My goodness. Long time no post.

I nearly started a new post this year in May, and then life got away from me. I wanted to tell you that I've finally been able to reconnect with my creativity. I have my voice again, although it's still scary to use it.

Shortly after returning from my cruise this past February, I was introduced to a concept that had come across my radar before but hadn't registered because it didn't make sense to me. It's a treatment modality called 'listening therapy;' a specific type of physical therapy often used by occupational therapists which uses modulated music to retrain/recalibrate one's autonomic nervous system. More recently, this therapy has tested and proven helpful in reducing symptoms of PTSD, cPTSD, developmental traumas, anxiety, depression, and even issues with sleep, balance, digestion, and focus. There are several different specific trainings and approaches for it, the two bigger ones are the Safe and Sound Protocol, and Therapeutic Listening.

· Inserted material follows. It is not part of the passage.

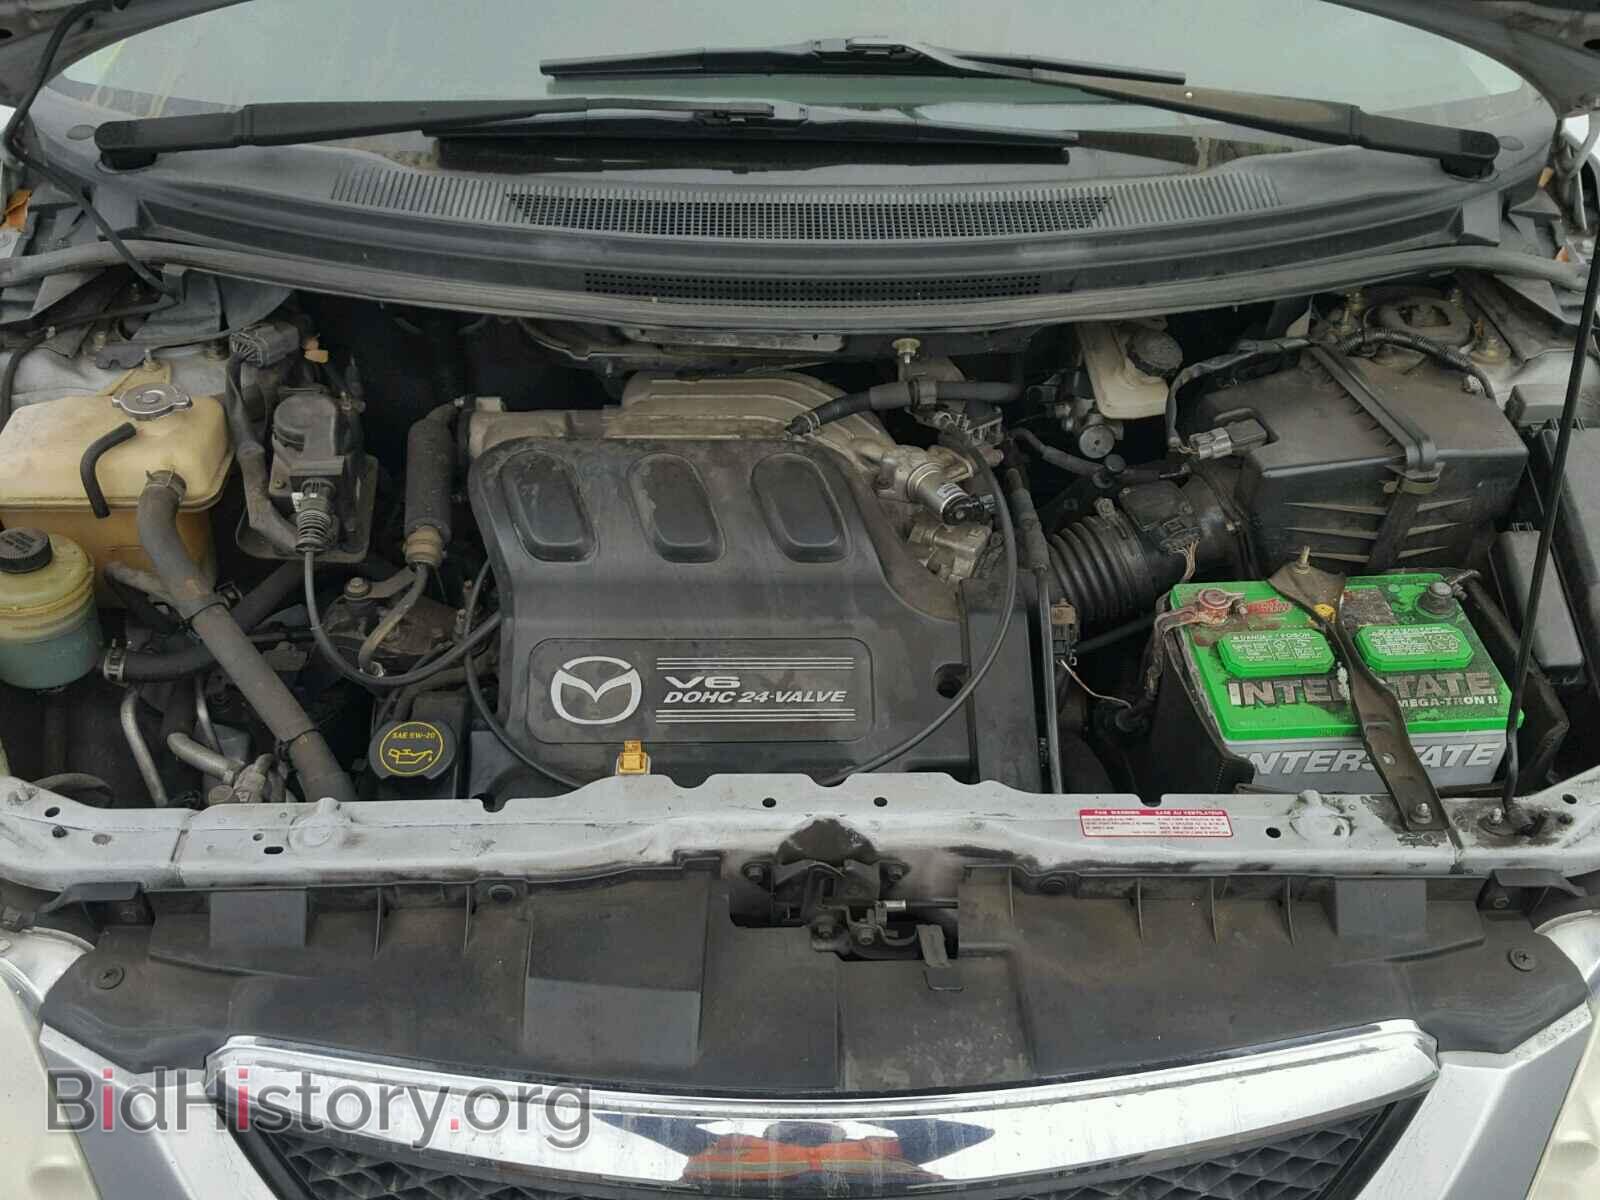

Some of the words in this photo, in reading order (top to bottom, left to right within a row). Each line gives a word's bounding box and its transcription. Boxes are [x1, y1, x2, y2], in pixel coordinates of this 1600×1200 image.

This blog post by Sam Dylan Finch caught my attention; I was intrigued. He went into the Safe and Sound Protocol with years of therapy and trauma treatment already under his belt. He had lots of tools and strategies. He was skeptical. I could relate.


By May, I'd tracked down a physiologist who could provide this service and had a consultation. They were lovely, and immediately affirmed that most of the symptoms I've been experiencing are consistent with burnout, the effect of chronic stress in the body, and the effects of developmental trauma. Just that validation on it's own brought tears of relief. I've done so much research on my own trying to understand why I'm stuck, and this was the first person to give me a confident diagnosis that perfectly fit everything I'd been through. I have dysautonomia. Basically, my autonomic nervous system doesn't know how to function properly anymore. My heart rate and my blood pressure and my metabolism and my vestibular system (sense of balance) have all been under so much strain for so many years that they don't function well anymore.


Over the next few weeks, I had several virtual sessions with my physiologist. Typically people are "prescribed" a 5-10 minute listening "dose" daily, but my body wasn't accepting that pace and made it quite clear from day one. During my first listening session (a whole 4 minutes!), it felt difficult to breathe, I had the onset of a migraine, and my feet became extremely fidgety and started moving on their own. I finally paused the music to ask my physiologist about this and they talked me through what was happening - we identified the habitual anxiety that others often talk about, and the fun (almost joyful!) sense of play that my feet were responding to. And that migraine turned out to be a psychosomatic symptom due to my own inner conflict: part of me wanted to just sit and exist and part of me so desperately to be healthy again that I was telling myself that I needed to listen to at least 5 minutes. I was loading myself with expectations again. Once we identified that migraine, by the way, it actually evaporated. Never in my years and years of combatting migraines, have I had something like this happen.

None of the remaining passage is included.